20年間にわたる監督人生に、自らピリオドを打ったのだ。理由は諸説ある。(表明する)前日に日本シリーズで巨人に完敗したため引責、もしくはシーズン初めから決めていた既定路線、など。
真相はともかく、ヘッドコーチだった 蔭山和夫
が後任の監督に就いた。蔭山の動きは速かった。監督、コーチなどの契約制度の確立に関する要求を球団に突き付けた。 一方の鶴岡は、他の球団が放っておくはずもなく、すぐさまマスコミの寵児となった。そのあたりの様子は『野球百年』(時事通信社)に詳しい。以下に引用。
鶴岡辞職の報を聞いた東京オリオンズの社長永田が即日、
「鶴岡をウチに入団させる」
と名乗りをあげた。
すると産経オーナー水野が大阪入りして、産経監督になってもらいたいと膝詰め談判して、待遇の条件も示し、即断を迫った。
11月16日に至り、鶴岡は、
「あした、上京して東京へお世話になるか、産経へ身柄をあずけるかを発表します」
と語ったので、報道関係者が東京か、産経か、いずれかと最後の探りをいれはじめたところ、突然、まったく突然、翌17日午前4時、新監督蔭山が急病で死去したのであった。

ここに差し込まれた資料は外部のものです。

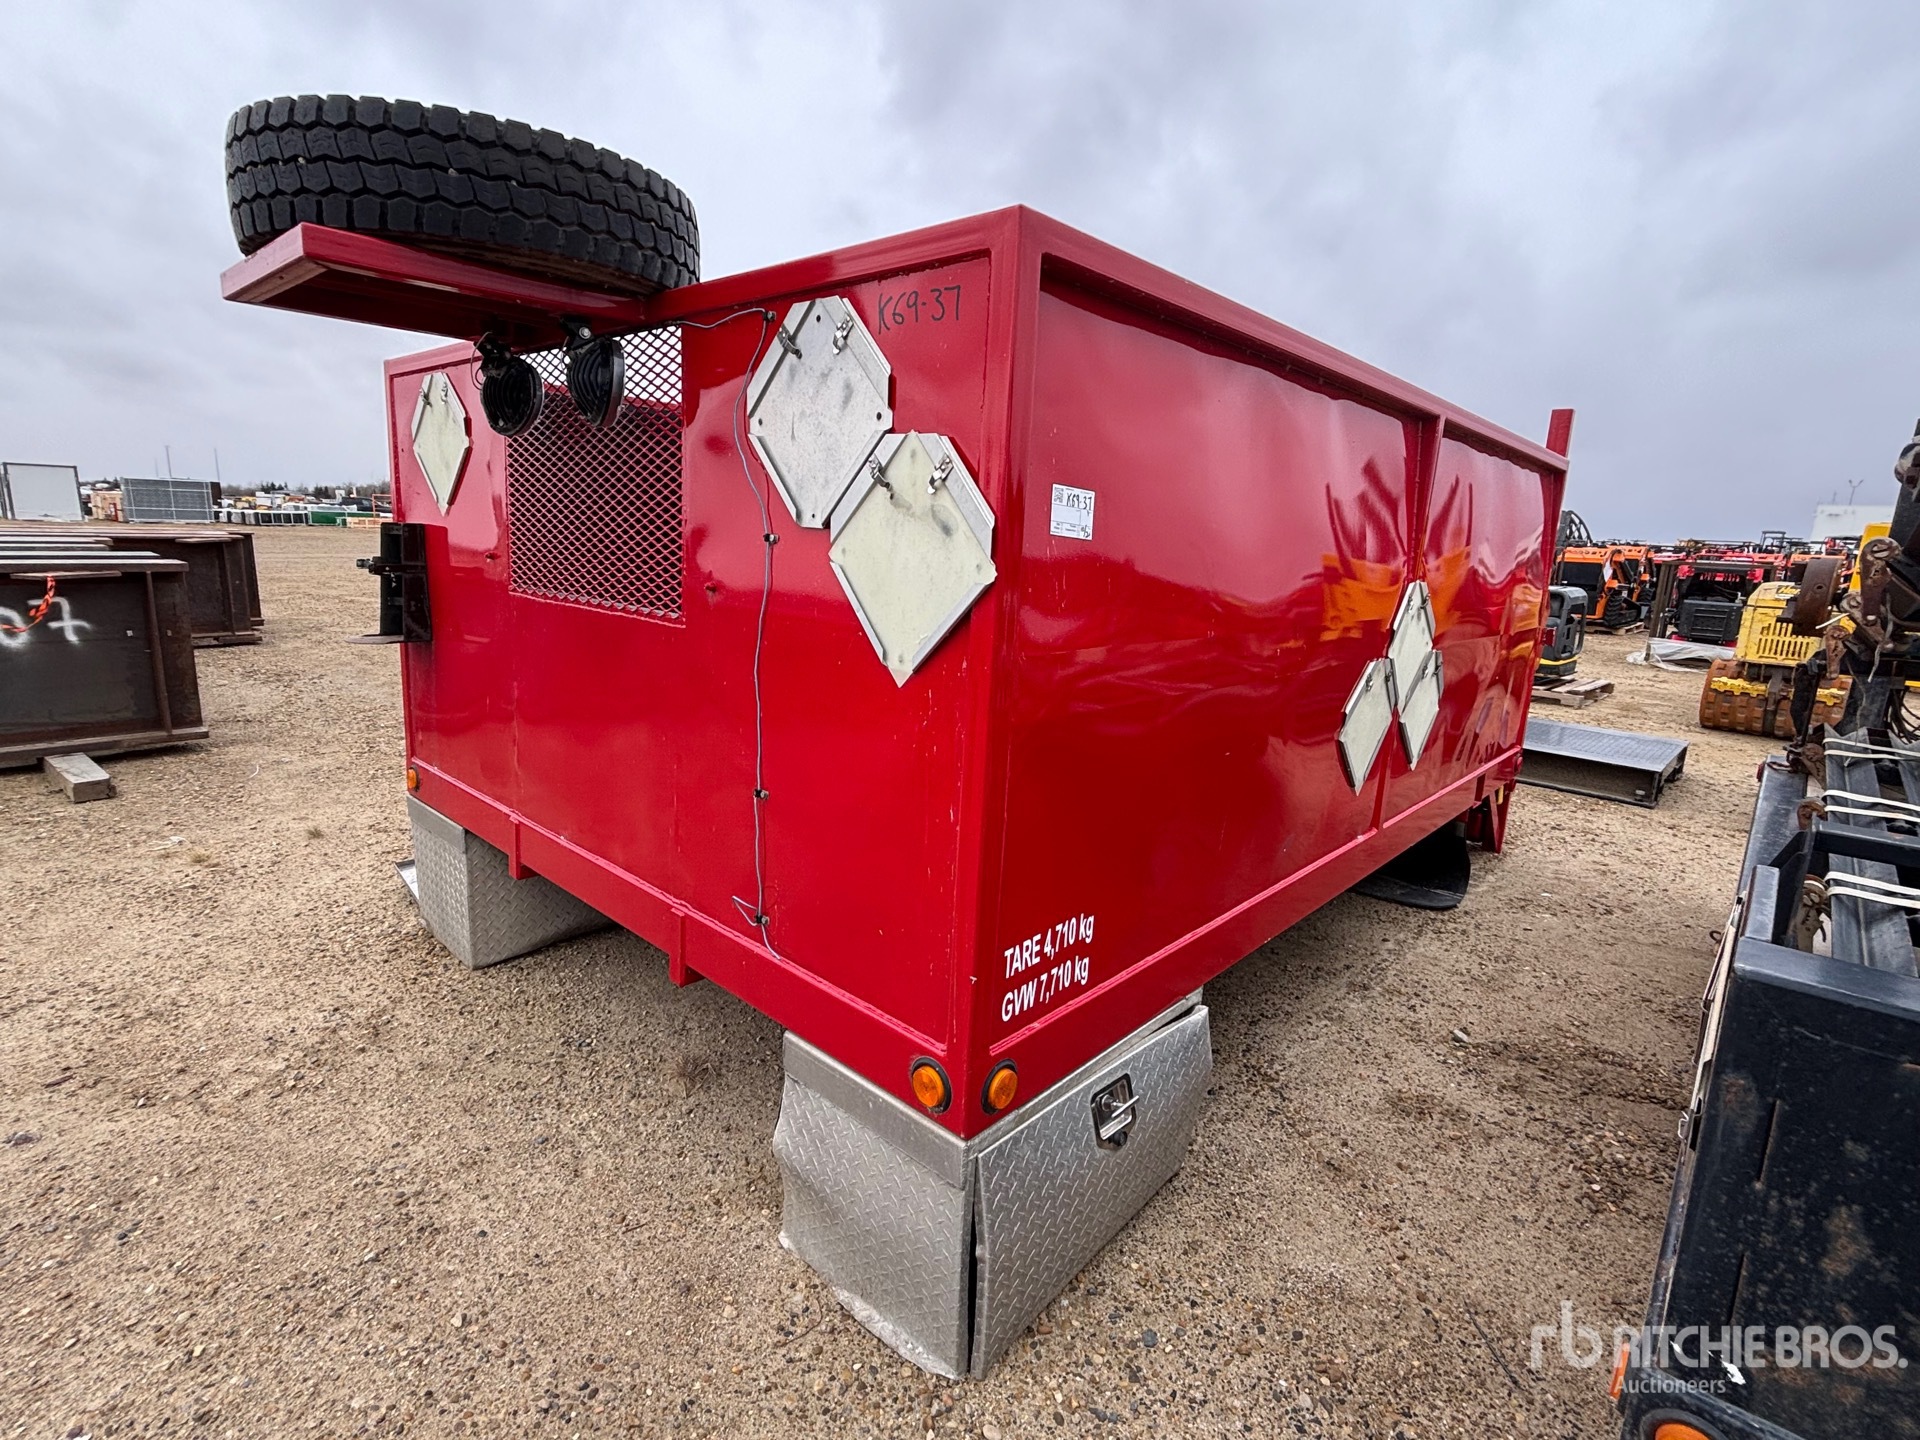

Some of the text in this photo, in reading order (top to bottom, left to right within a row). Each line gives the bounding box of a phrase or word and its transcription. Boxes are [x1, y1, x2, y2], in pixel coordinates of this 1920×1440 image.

[878, 285, 961, 334] K69-37
[1004, 913, 1095, 979] TARE 4,710 kg
[1002, 955, 1090, 1022] GVW 7,710 kg

■死因は心労だった(副腎クリーゼ)。新チーム編成にあたって精力的に走り回っていたが、プレッシャーからか、心は相当に病んでいたようだ。以下、wikipediaより引用。
「蔭山は、南海をこのまま放っておけば、近い将来黄金時代が永久に到来しない」という現実を痛感しており、その打開策を思案していたが、ノイローゼとなり、就任後はブランデーを呷り睡眠薬を服用しなければ寝付けない状態だった。急きょ倒れて病院に運ばれる際、『野村(克也)に何か伝えてくれ…』とかすれ声でつぶやいたのが、最期の言葉とされている」
■かくして「後進に道を譲った」はずの鶴岡は再び南海監督に復帰し、15日間にわたる鶴岡辞任を巡る騒動は終止符を打った。以後、鶴岡は3年間南海の監督を務めることになる。

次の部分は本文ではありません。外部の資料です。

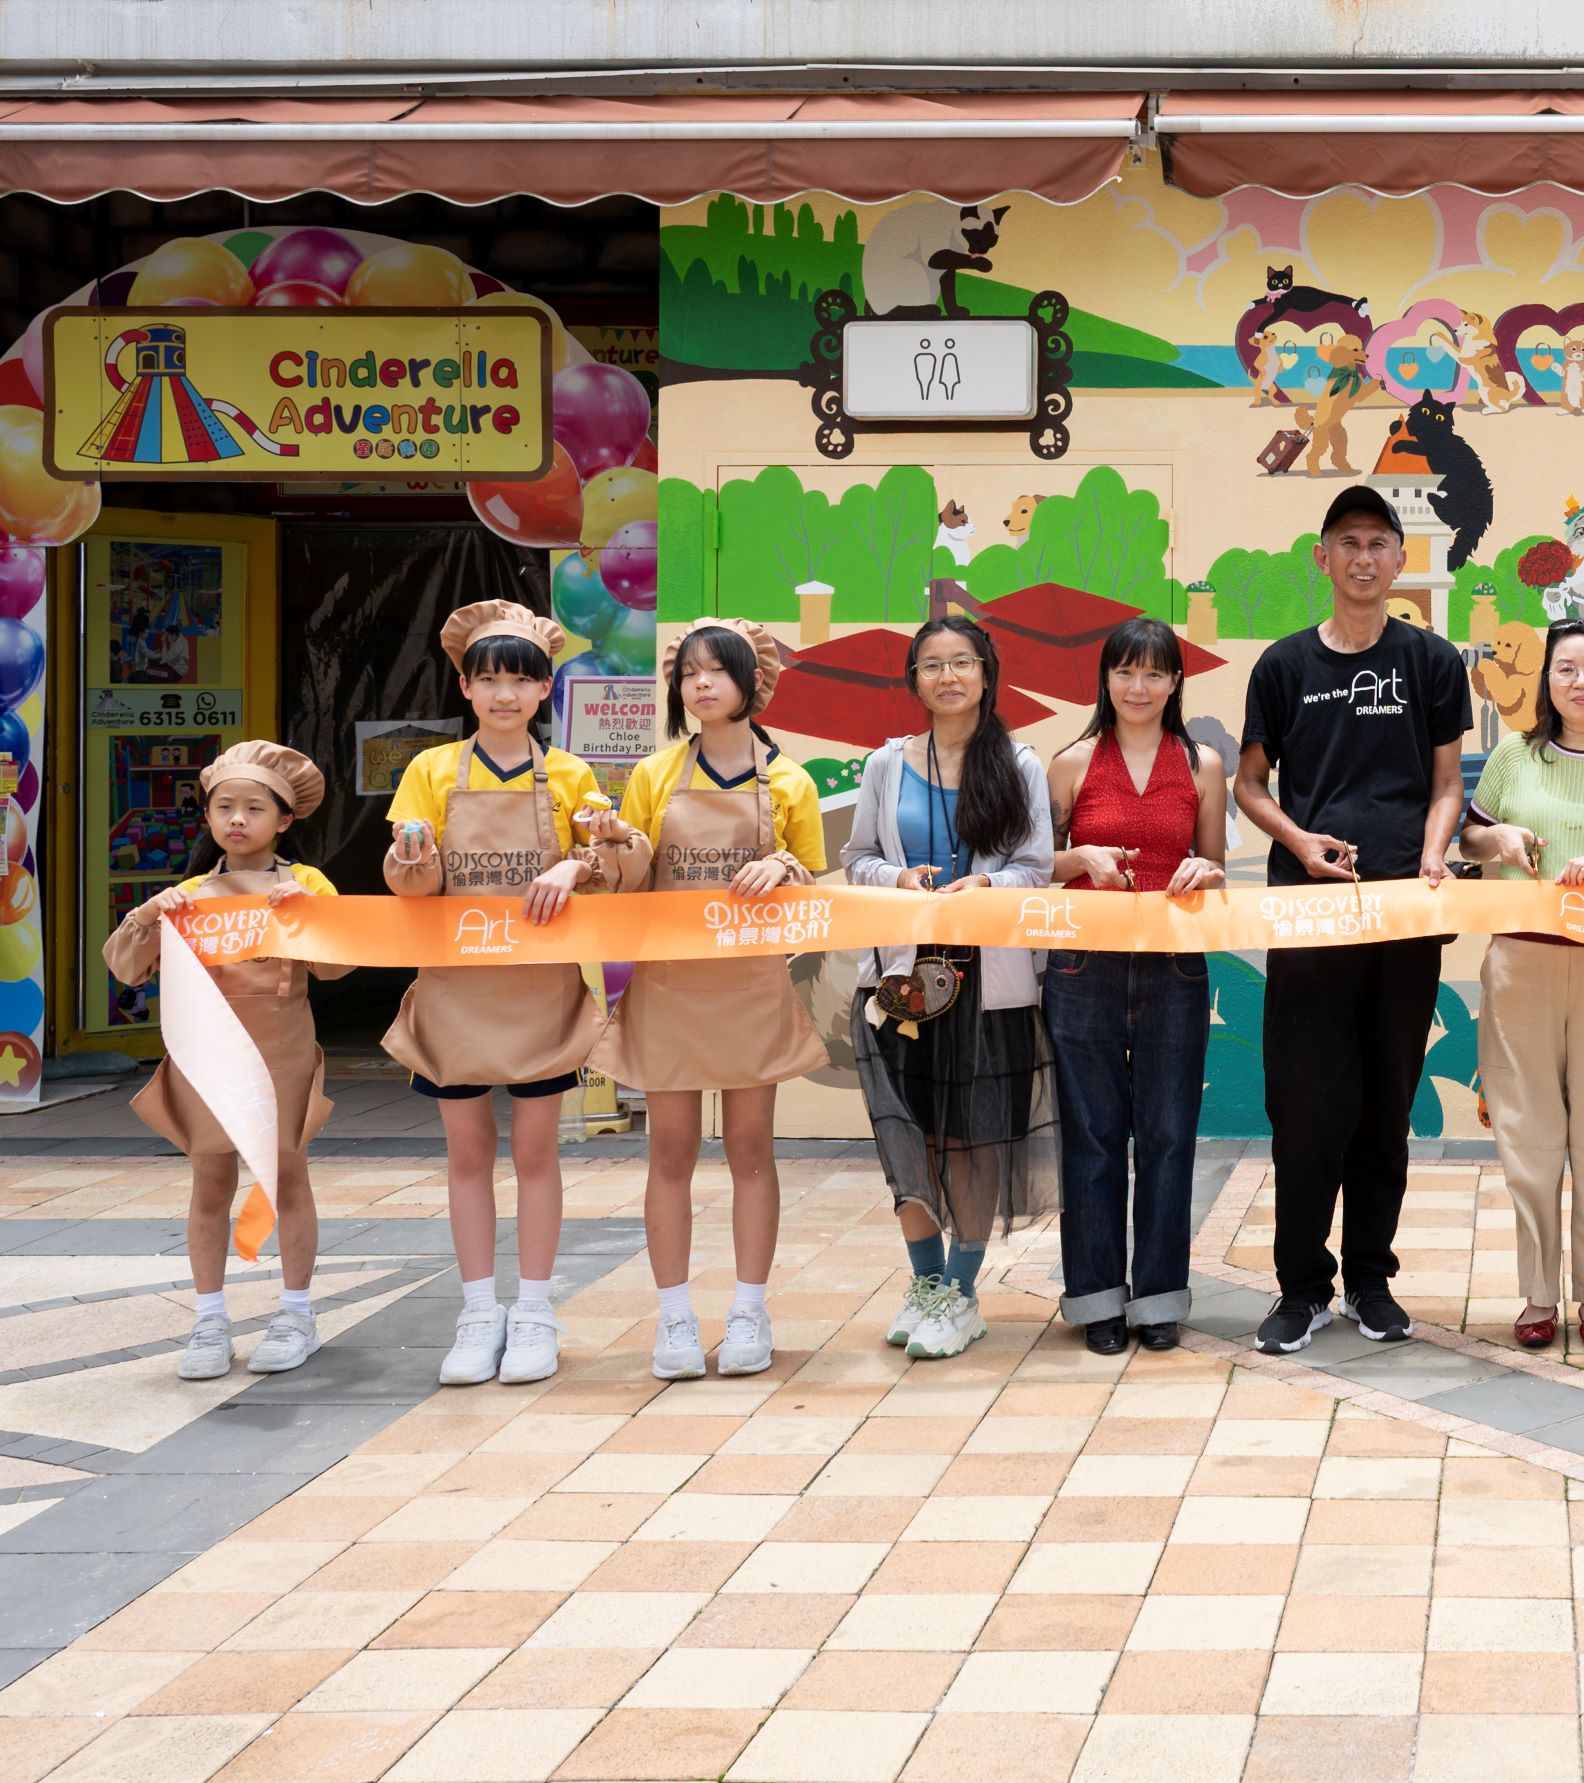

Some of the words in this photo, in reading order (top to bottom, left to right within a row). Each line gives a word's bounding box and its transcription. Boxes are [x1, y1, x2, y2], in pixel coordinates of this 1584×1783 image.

道を譲る側に世間は注目しがちだが、前任者が大物であればあるほど「譲られる側」にも相当のプレッシャーが伴うもの。もし、この時、鶴岡が辞任していなかったら? もしくは蔭山が後任を引き受けていなかったら? 蔭山の人生は大きく違っていたかもしれないとボクは想像した。
「潔さ」の裏に潜む「魔」。蔭山和夫、享年38歳。
(写真)蔭山(左から2人目)の監督就任会見にて。右端が鶴岡。(『激動の昭和スポーツ史、プロ野球(下)』(ベースボールマガジン社)より。
(写真)蔭山が最期に、何かを伝えたかったとされる南海・野村克也。この年、史上2人目の三冠王を獲得した。引用は上記と同じ。